# How to complete this task:
Would you repeat the entries below exactly and omit the pictures?

# Exercise materials:

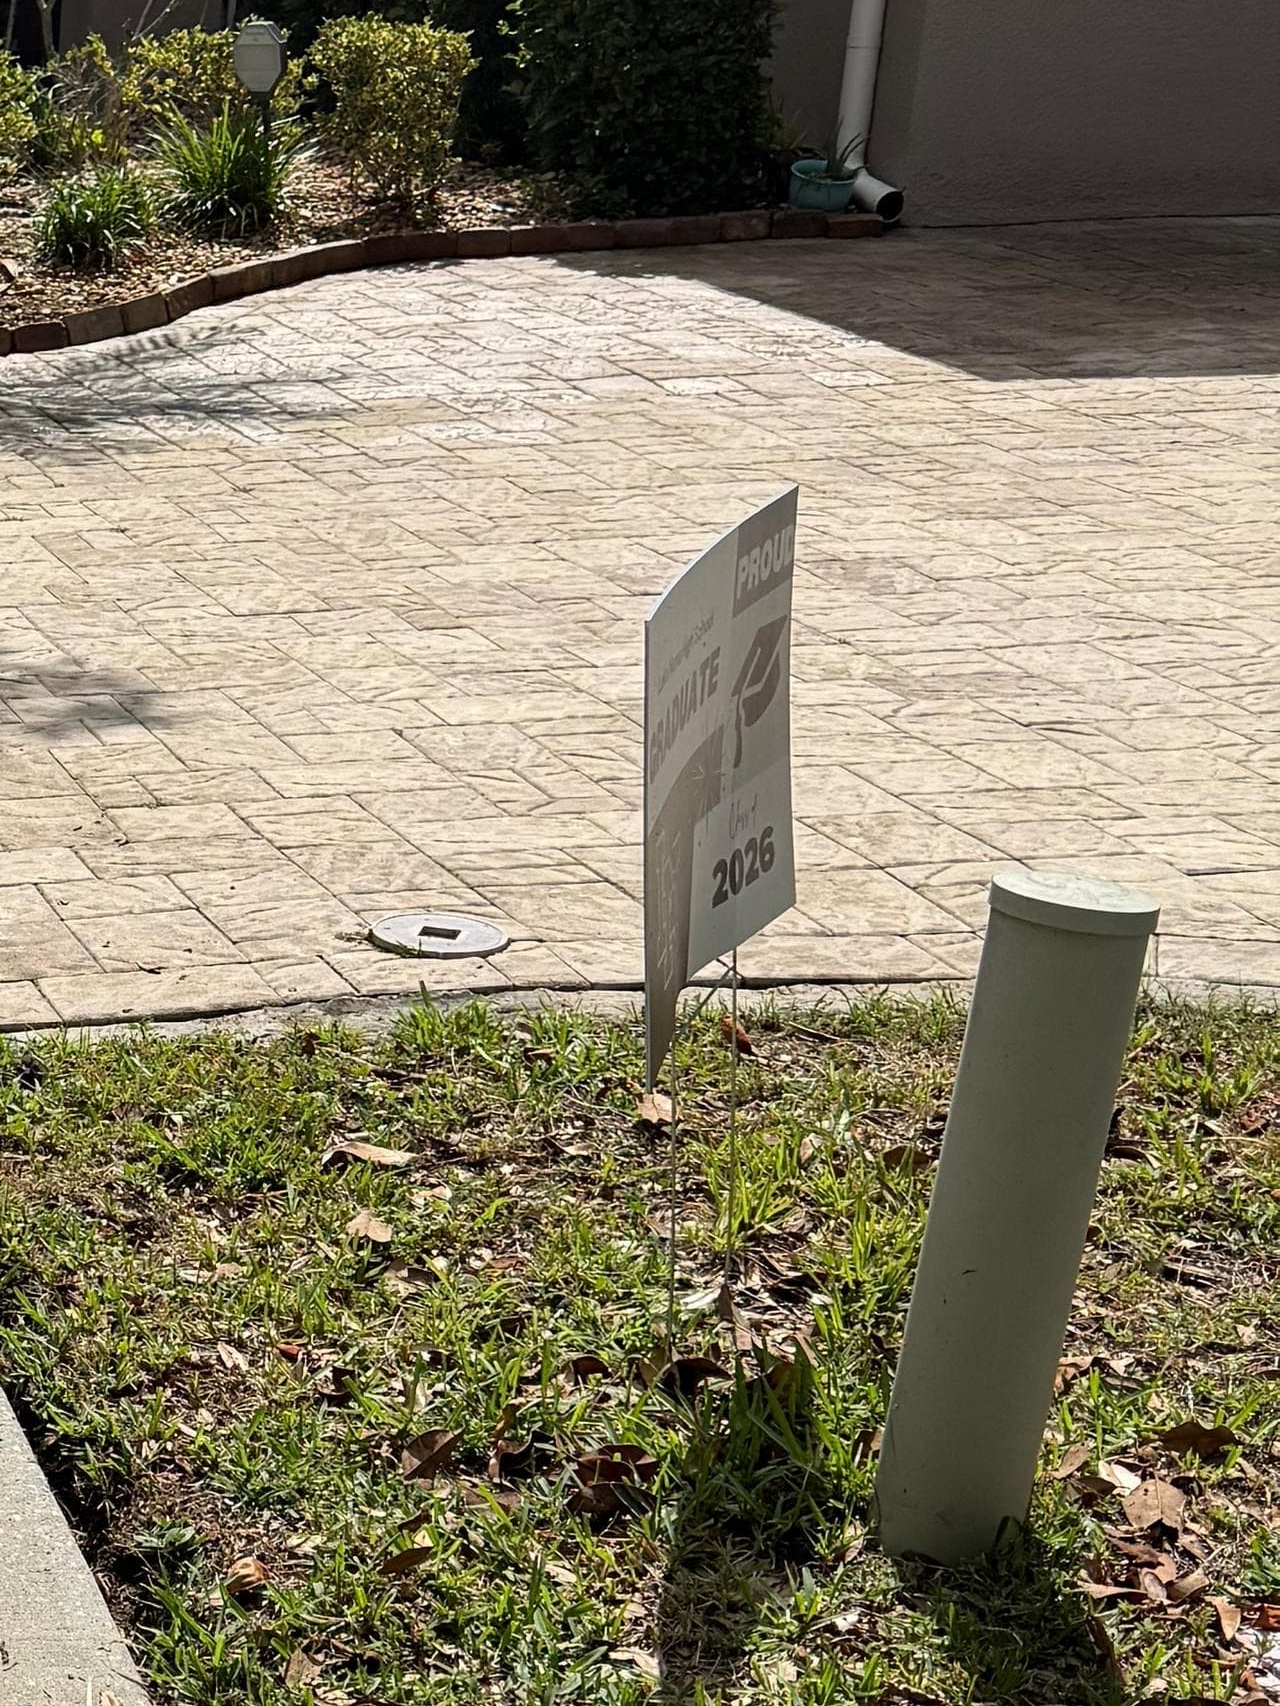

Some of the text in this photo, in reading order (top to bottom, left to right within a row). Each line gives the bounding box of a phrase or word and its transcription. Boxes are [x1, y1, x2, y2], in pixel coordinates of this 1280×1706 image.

[736, 524, 795, 599] PROUD
[648, 645, 721, 785] GRADUATE
[712, 825, 776, 909] 2026
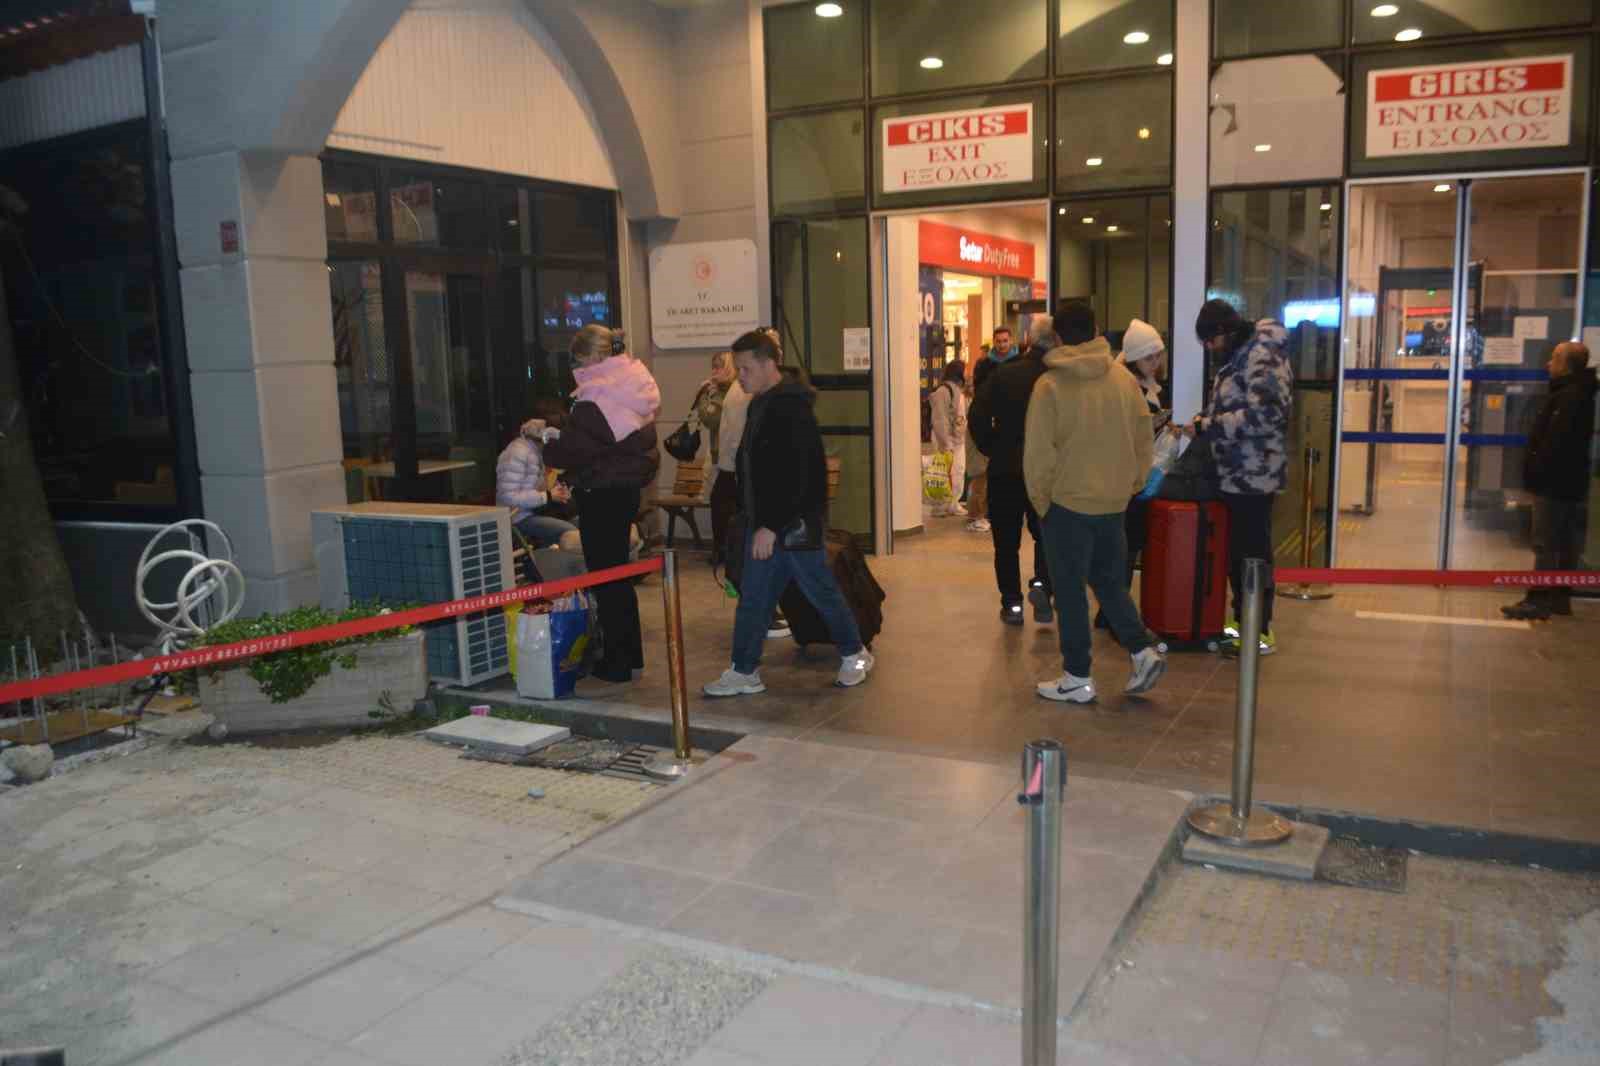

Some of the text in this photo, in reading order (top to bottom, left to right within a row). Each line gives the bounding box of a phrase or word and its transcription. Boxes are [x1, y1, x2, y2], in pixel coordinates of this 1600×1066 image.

[1378, 96, 1561, 127] ENTRANCE
[928, 142, 985, 163] EXIT
[960, 235, 983, 262] Setur
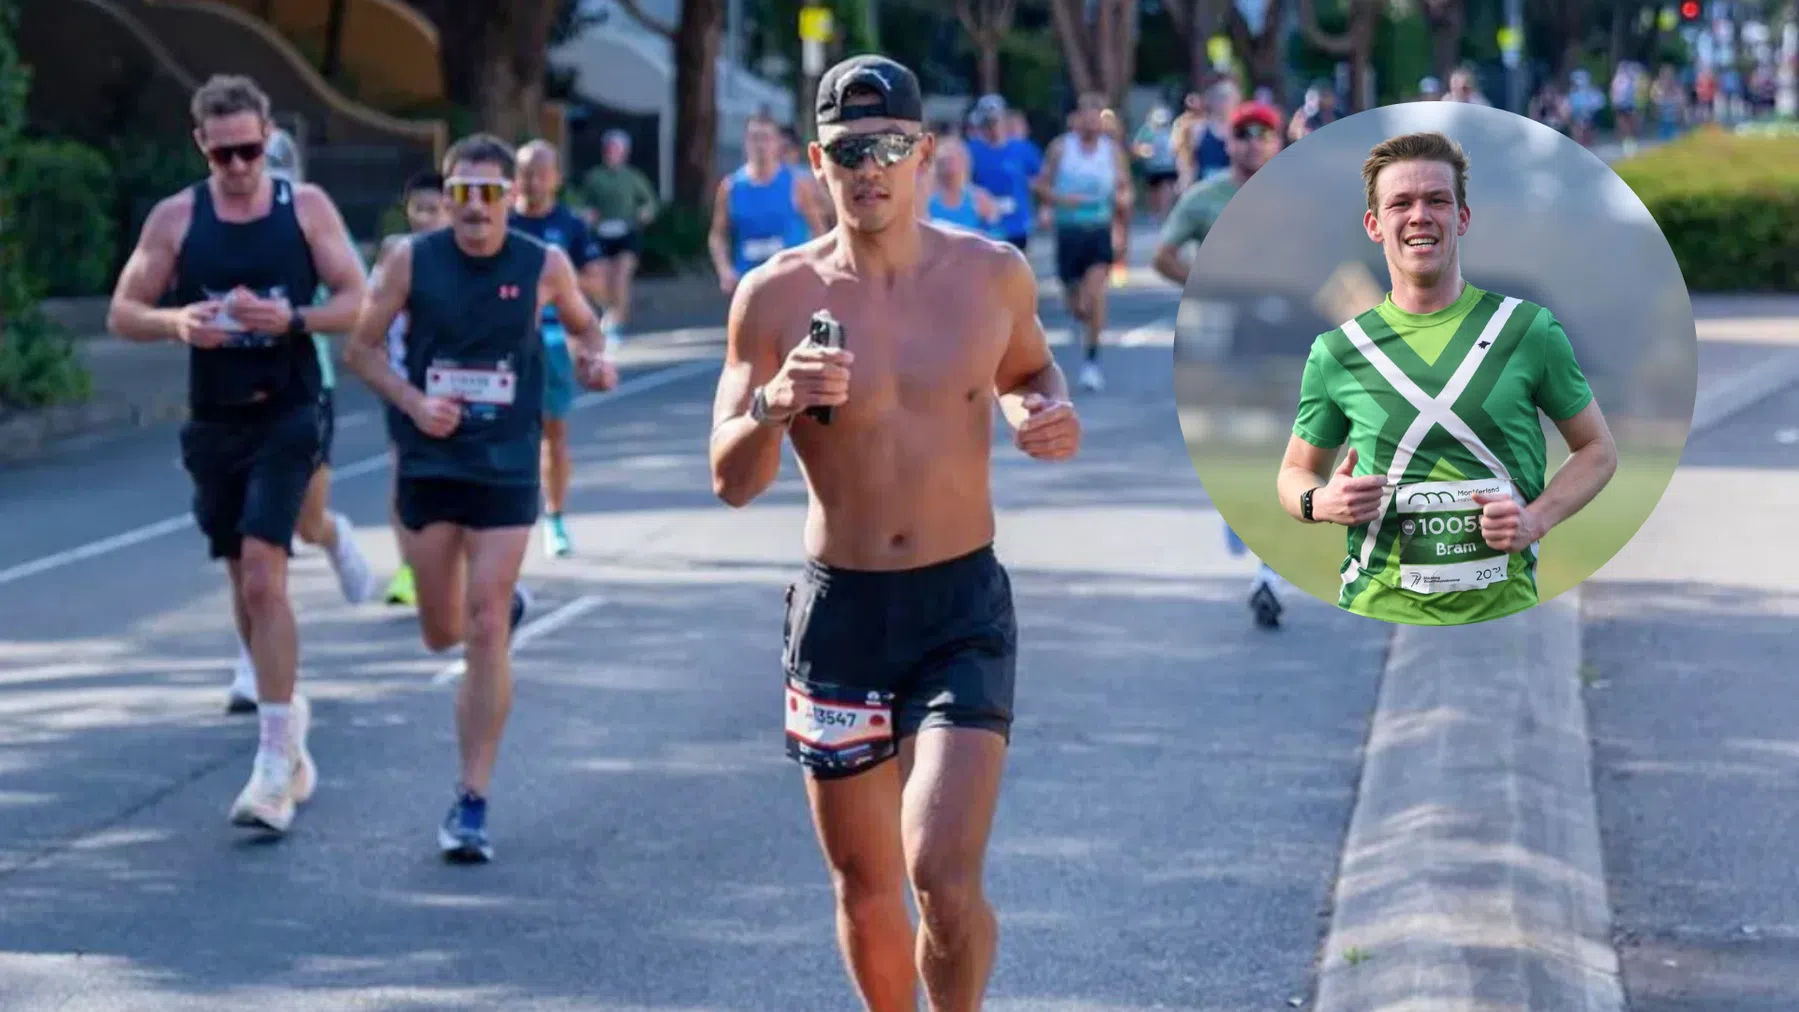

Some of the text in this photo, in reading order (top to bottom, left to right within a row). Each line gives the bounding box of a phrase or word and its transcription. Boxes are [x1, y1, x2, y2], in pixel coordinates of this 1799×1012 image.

[1418, 515, 1483, 535] 1005
[1436, 542, 1476, 556] Bram
[1476, 567, 1503, 581] 20
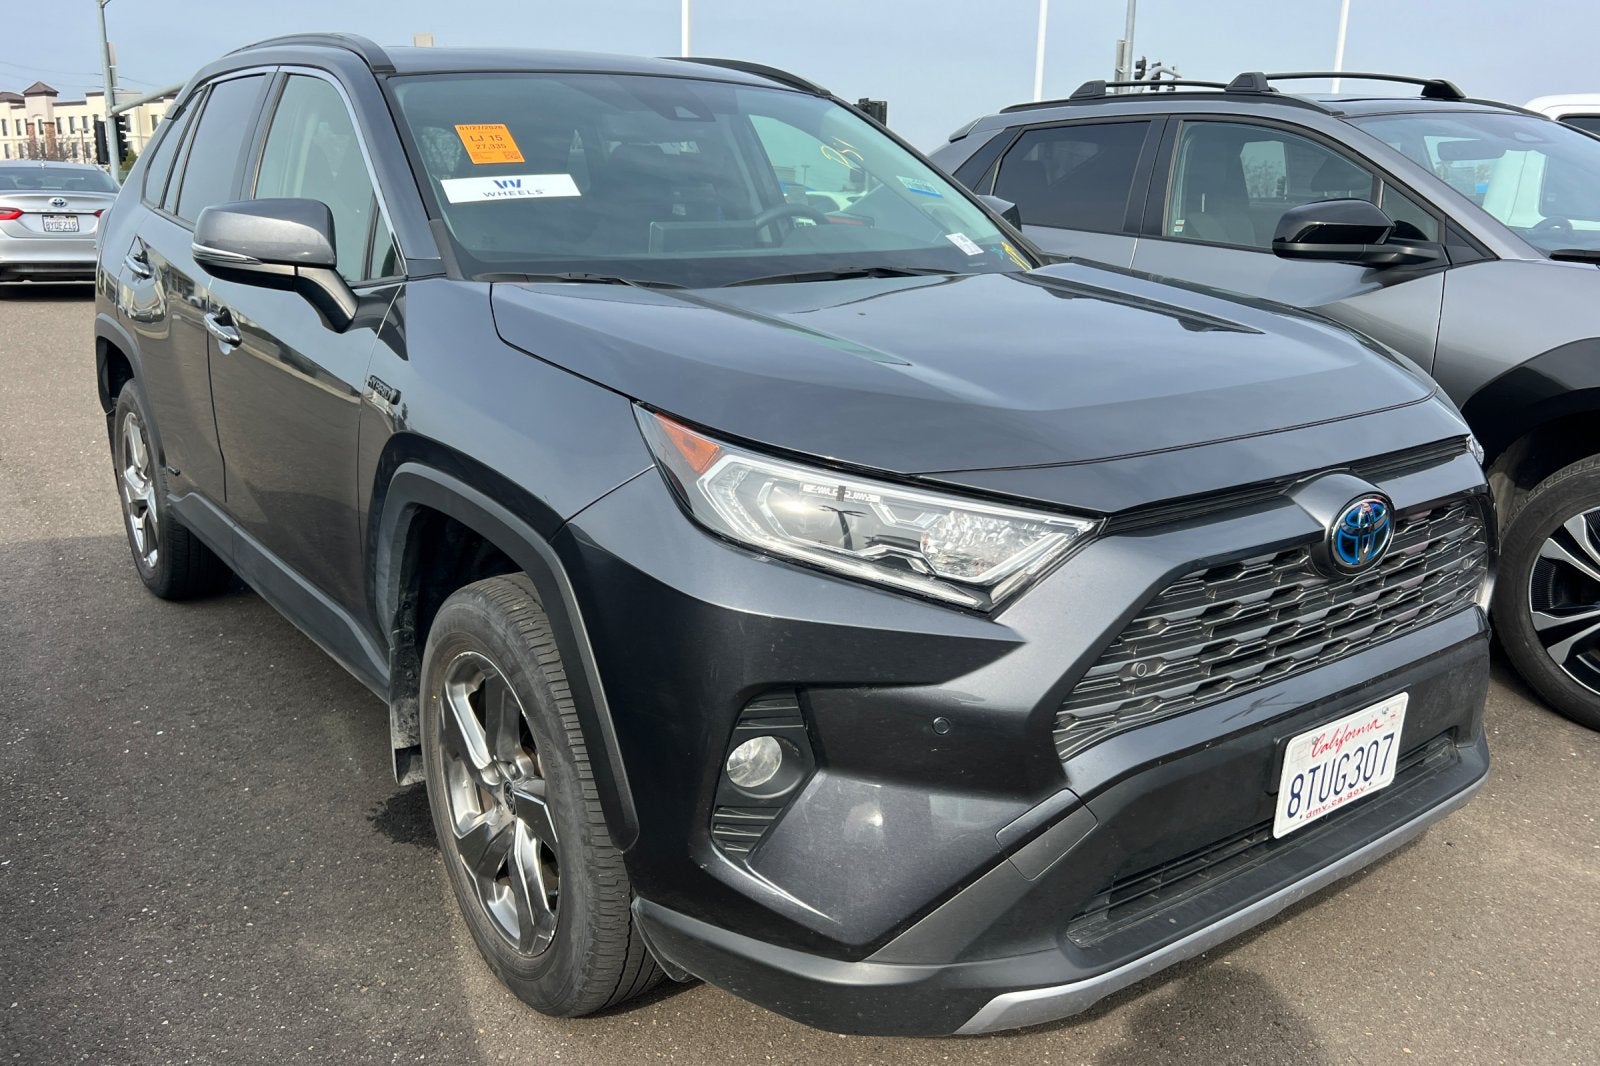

# Expected answer:
Some of the text in this photo, in reading order (top to bottom, left to right within a row). Each line gives the bounding box of a phrase or word and its transcription. Boxes are [x1, y1, x2, y2], in pixel coordinates of this 1280×1706 image.

[736, 524, 795, 599] PROUD
[648, 645, 721, 785] GRADUATE
[712, 825, 776, 909] 2026

Some of the text in this photo, in reading order (top to bottom, left to right within a row). Each line gives the bounding box of a phrase or word and its transcription. Boxes are [x1, y1, x2, y2], in pixel coordinates of this 1600×1066 image.

[1378, 96, 1561, 127] ENTRANCE
[928, 142, 985, 163] EXIT
[960, 235, 983, 262] Setur

Some of the text in this photo, in reading order (top to bottom, left to right within a row). Each line gives the bounding box of a phrase or word and its transcription. Boxes are [x1, y1, x2, y2], in pixel coordinates of this 1799×1012 image.

[1418, 515, 1483, 535] 1005
[1436, 542, 1476, 556] Bram
[1476, 567, 1503, 581] 20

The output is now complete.